§ Text-to-region grounding data
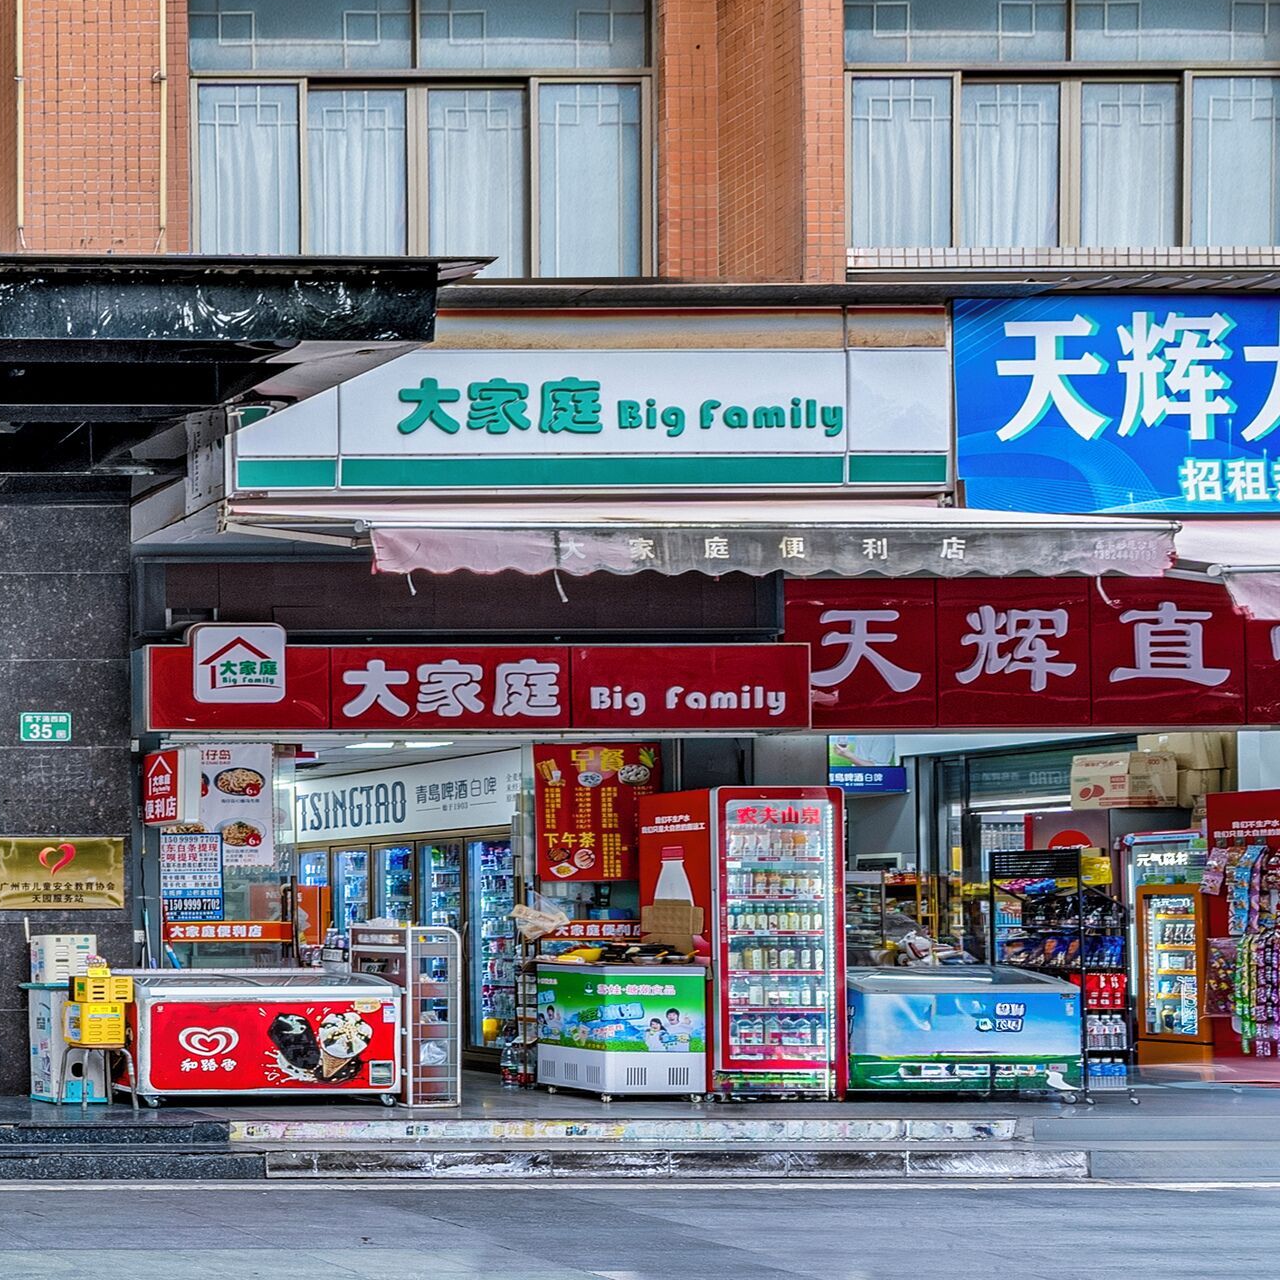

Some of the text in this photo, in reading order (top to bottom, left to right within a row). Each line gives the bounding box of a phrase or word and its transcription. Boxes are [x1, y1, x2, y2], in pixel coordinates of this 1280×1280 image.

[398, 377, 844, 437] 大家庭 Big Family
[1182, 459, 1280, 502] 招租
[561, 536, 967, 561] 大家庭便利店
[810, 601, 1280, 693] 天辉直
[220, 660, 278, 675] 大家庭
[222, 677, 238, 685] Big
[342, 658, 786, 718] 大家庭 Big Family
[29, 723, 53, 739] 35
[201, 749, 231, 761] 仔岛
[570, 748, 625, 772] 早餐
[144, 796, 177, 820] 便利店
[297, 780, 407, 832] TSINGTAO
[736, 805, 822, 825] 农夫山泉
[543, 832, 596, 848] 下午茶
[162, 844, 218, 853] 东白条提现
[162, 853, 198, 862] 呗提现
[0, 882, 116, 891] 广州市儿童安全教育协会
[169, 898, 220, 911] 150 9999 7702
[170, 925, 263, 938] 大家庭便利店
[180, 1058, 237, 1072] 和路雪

§ Exercise brief
Each line above should be returned exactly as written, apart from any pictures.

§ Result of the task
Some of the text in this photo, in reading order (top to bottom, left to right within a row). Each line gives the bounding box of a phrase or word and its transcription. Boxes are [x1, y1, x2, y2], in pixel coordinates of this 1280×1280 image.

[398, 377, 844, 437] 大家庭 Big Family
[1182, 459, 1280, 502] 招租
[561, 536, 967, 561] 大家庭便利店
[810, 601, 1280, 693] 天辉直
[220, 660, 278, 675] 大家庭
[222, 677, 238, 685] Big
[342, 658, 786, 718] 大家庭 Big Family
[29, 723, 53, 739] 35
[201, 749, 231, 761] 仔岛
[570, 748, 625, 772] 早餐
[144, 796, 177, 820] 便利店
[297, 780, 407, 832] TSINGTAO
[736, 805, 822, 825] 农夫山泉
[543, 832, 596, 848] 下午茶
[162, 844, 218, 853] 东白条提现
[162, 853, 198, 862] 呗提现
[0, 882, 116, 891] 广州市儿童安全教育协会
[169, 898, 220, 911] 150 9999 7702
[170, 925, 263, 938] 大家庭便利店
[180, 1058, 237, 1072] 和路雪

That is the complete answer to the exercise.